Una crítica constante en nuestra ciudad, era la forma en cómo se desaprovechaba la historia, tradición, folclore, costumbres y cultura de Ibagué. Año tras año, nos hacíamos llamar la capital musical de Colombia sin que hiciéramos mérito para serlo. Nos limitábamos a celebrar San Juan y San Pedro con un desfile que no incluía todos los agentes que hacen parte de la industria cultural que la ciudad tiene para ofrecer. 

Entonces, ese precisamente era el reto, lograr poner en marcha desde lo público, una iniciativa que convierta al movimiento cultural de Ibagué en una alternativa de desarrollo económico, no solo para el bienestar de los que se dedican a sostener ese legado, sino también para regresarle a la ciudad esa identidad perdida. 

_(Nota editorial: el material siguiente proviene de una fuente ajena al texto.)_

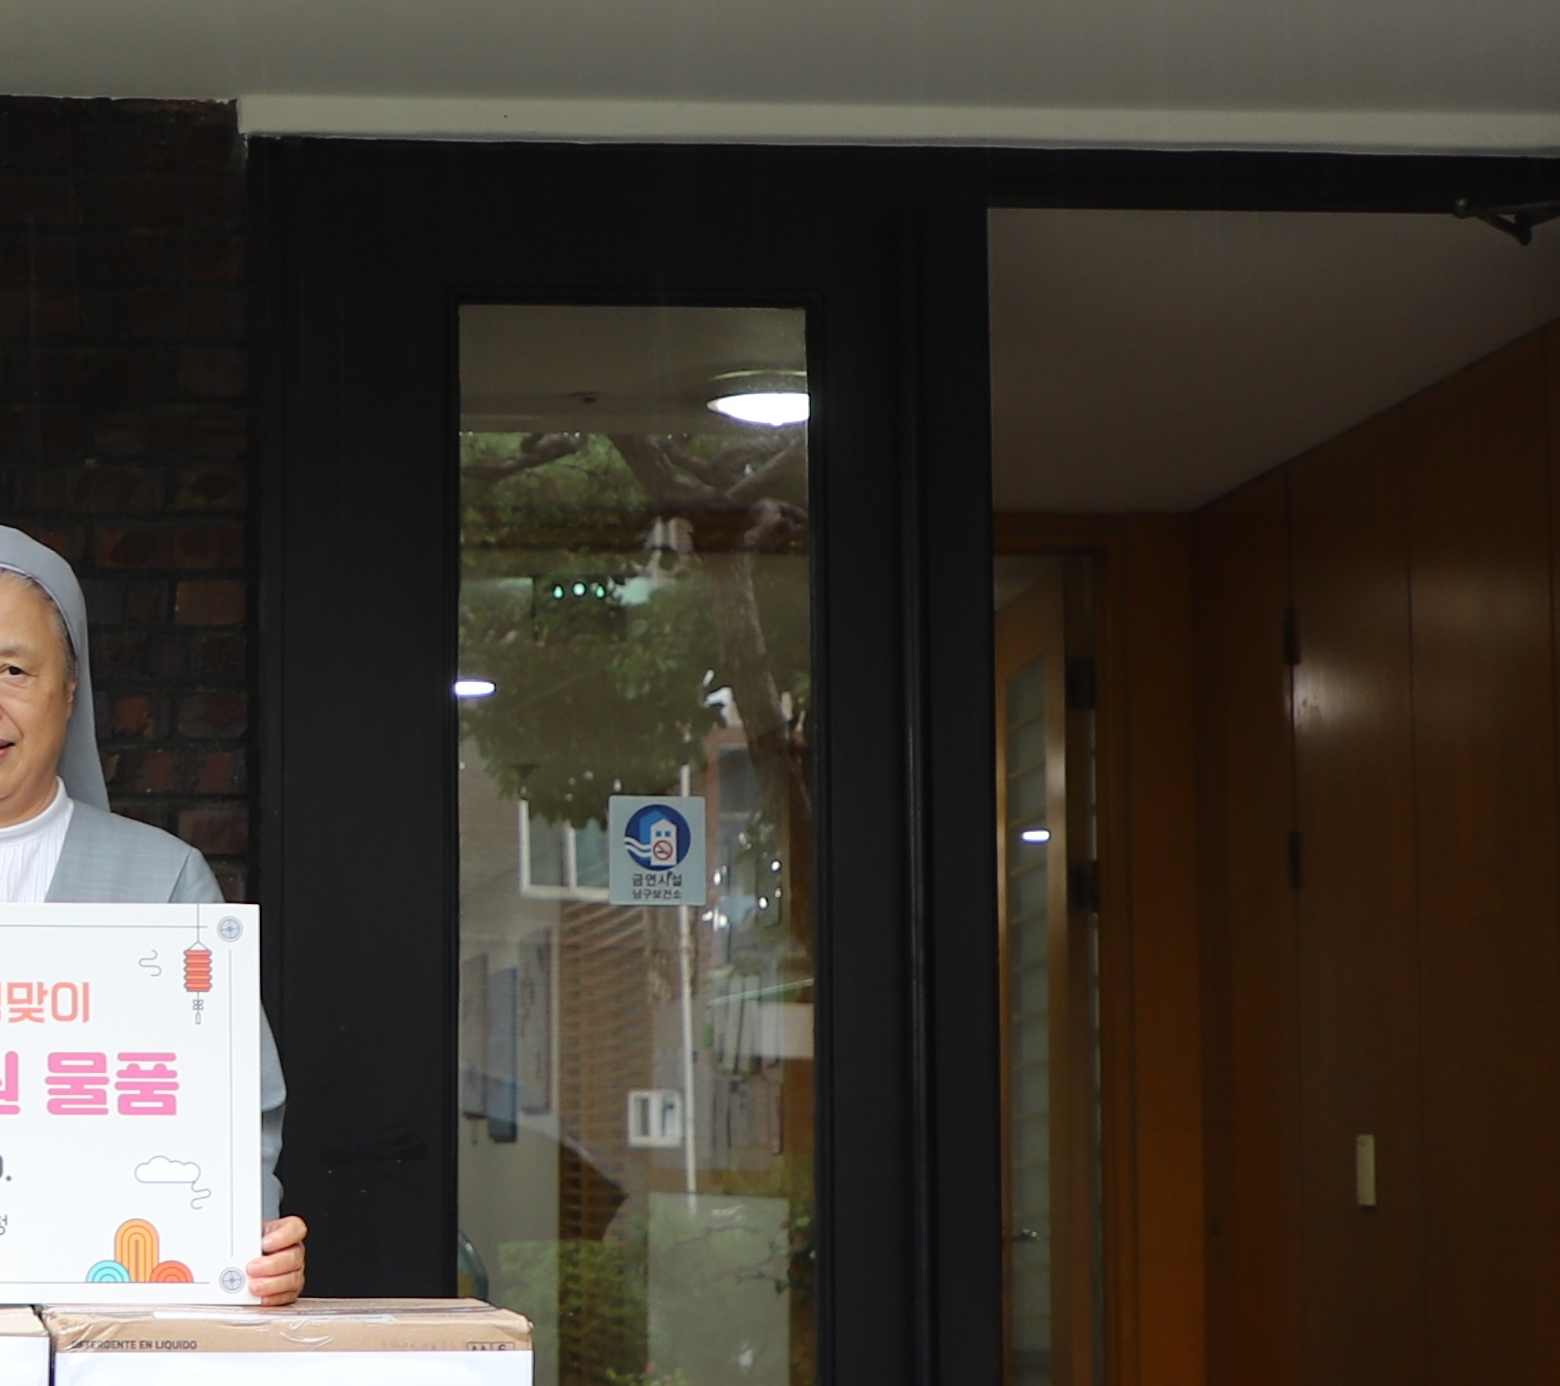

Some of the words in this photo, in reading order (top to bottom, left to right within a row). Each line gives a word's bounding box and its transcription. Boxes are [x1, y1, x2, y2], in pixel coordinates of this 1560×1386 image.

[632, 871, 682, 887] 금연시설
[632, 889, 682, 899] 남구보건소
[45, 1052, 179, 1116] 물품
[139, 1340, 152, 1350] EN
[155, 1340, 198, 1350] LIQUIDO
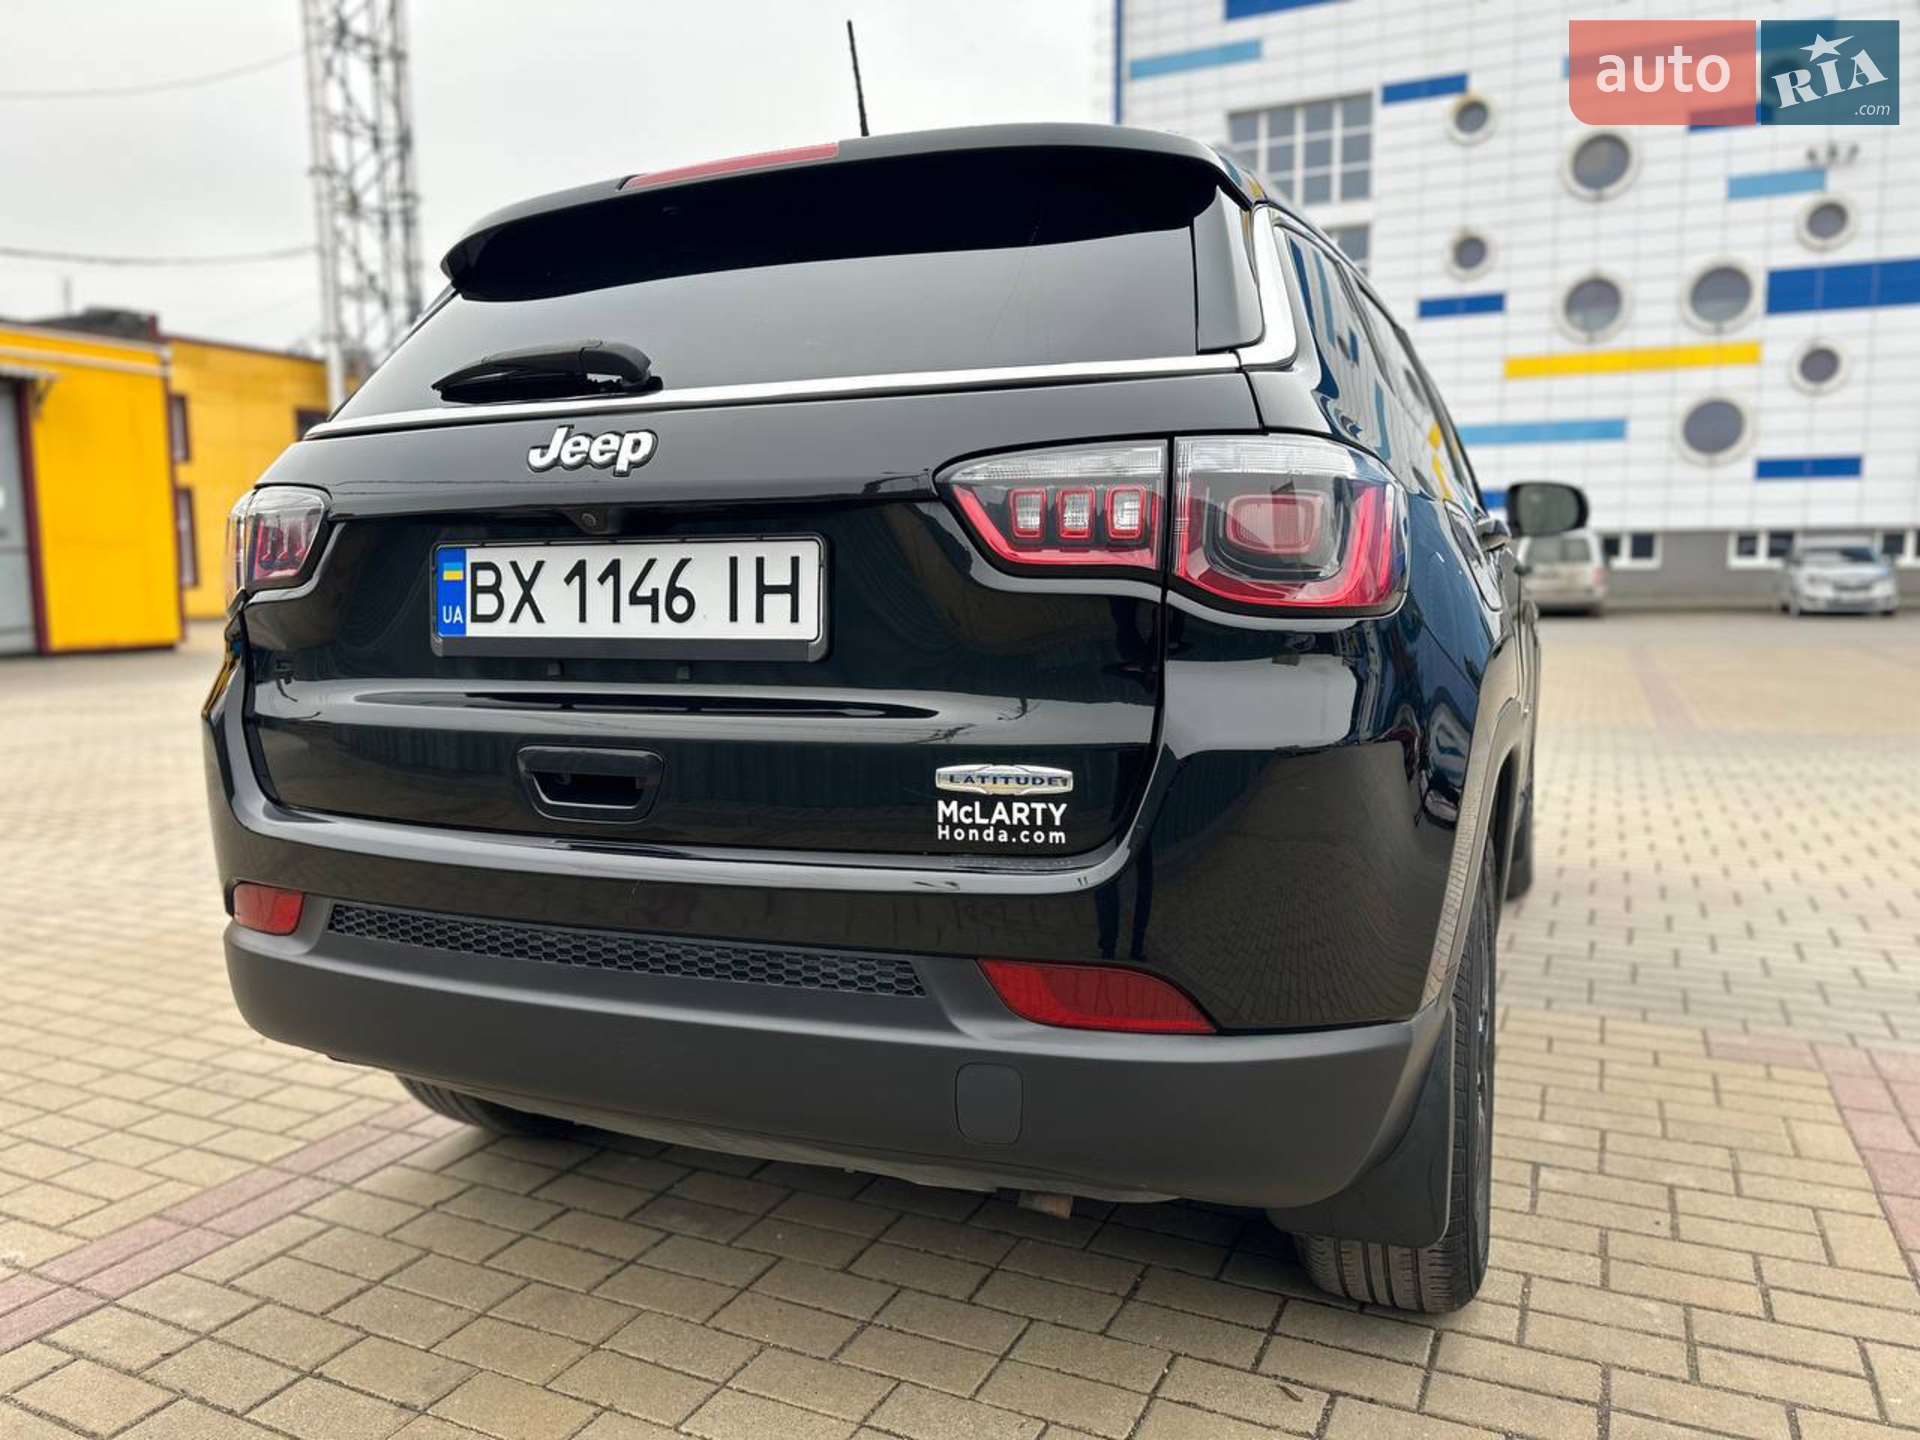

Por eso celebro la inauguración oficial de la primera Zona ADN - Área de Desarrollo Naranja -   para la ciudad, llamada ‘Capital Musical’, que fortalecerá y promoverá tanto las actividades como la industria cultural y creativa de la capital del Departamento. Esta Área, tendrá un polígono de 25 hectáreas ubicadas en la zona Centro de Ibagué, comprendiendo un importante eje cultural que cuenta con espacios como el Panóptico, Conservatorio del Tolima, Museo de Arte del Tolima, la Efac, Teatro Tolima, la Concha Acústica, entre otros, convirtiéndose en epicentro del emprendimiento en las artes y la cultura.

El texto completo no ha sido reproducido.